3d-metal fluorosulphates that have a tavorite-type structure (e.g., LiFeSO4F) were recently reported as attractive positive electrode candidates for future Li-ion batteries aimed at large volume markets. These new fluorosulphates had to be synthesized via ionothermal synthesis owing to both their thermal instability at temperatures greater than 300 °C and their water solubility. In an attempt to depart from ionothermal synthesis, low-temperature solid-state reactions and solvothermal processes were successfully tried.
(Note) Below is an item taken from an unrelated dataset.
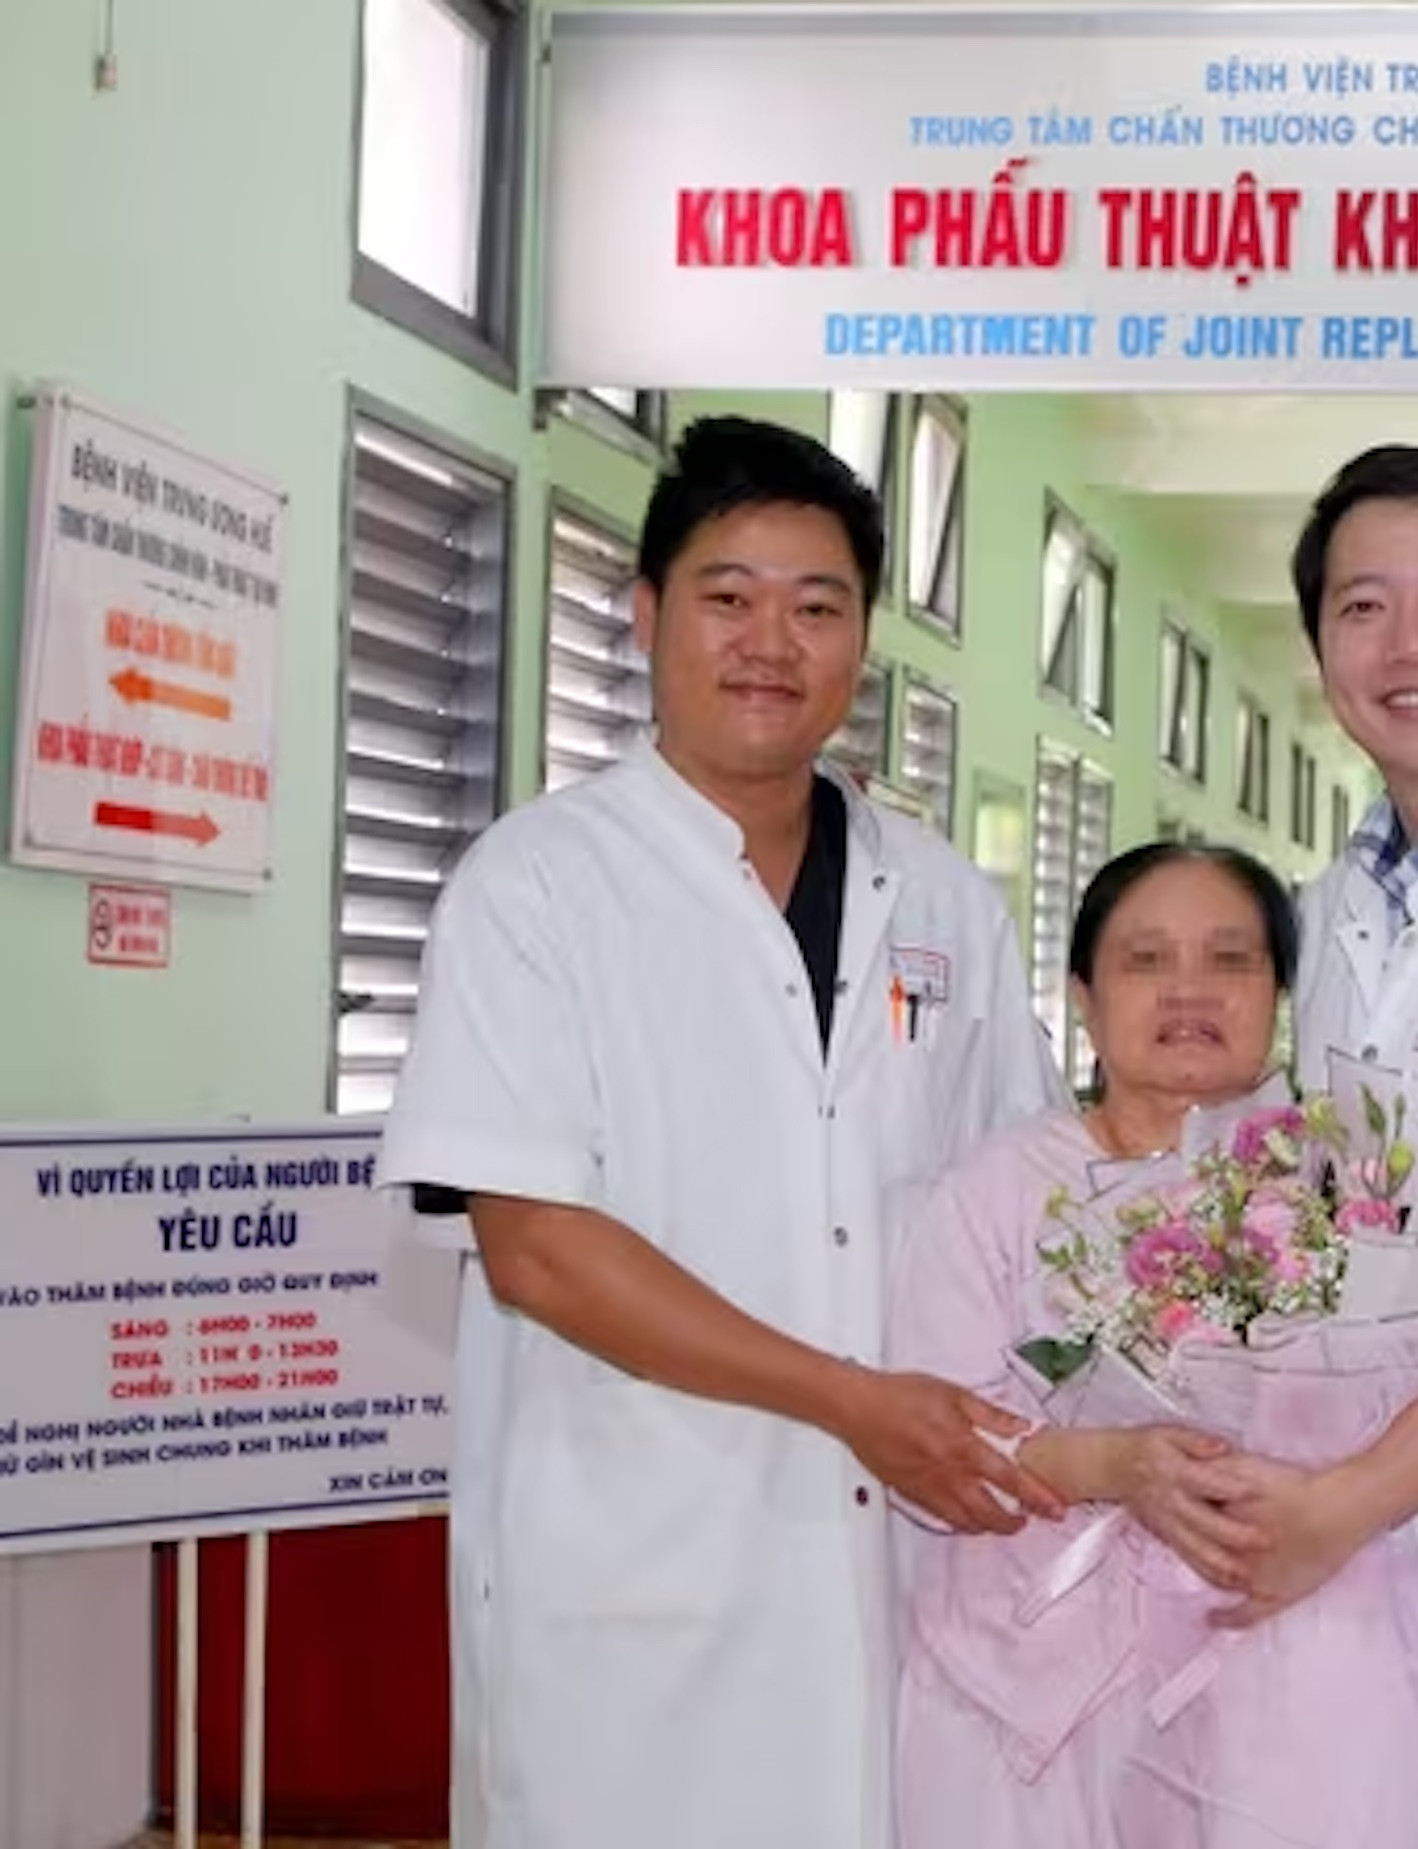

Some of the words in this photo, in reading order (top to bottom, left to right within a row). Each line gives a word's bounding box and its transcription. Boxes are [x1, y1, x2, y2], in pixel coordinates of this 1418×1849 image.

The latter technique, which is reported herein, proceeds with water as the solvent and has led to a new family of fluorosulphates NaMSO4F·2H2O that crystallize in a monoclinic unit cell (SG =P21/m) similar to the uklonskovite-type structure earlier proposed for NaMgSO4F·2H2O. These new phases show no electrochemical activity with either Li or Na metal and have room temperature ionic conductivities on the order of 1 × 10−9 S cm−1. Additionally, we have discovered the feasibility, upon controlled dehydration of the NaMSO4F.2H2O phases, to prepare NaMSO4F phases adopting a derived tavorite-type structure and displaying ionic conductivities around 10−7 S cm−1. Finally, this finding opens the possibility to achieve Li-based fluorosulphates via two-step synthetic pathways.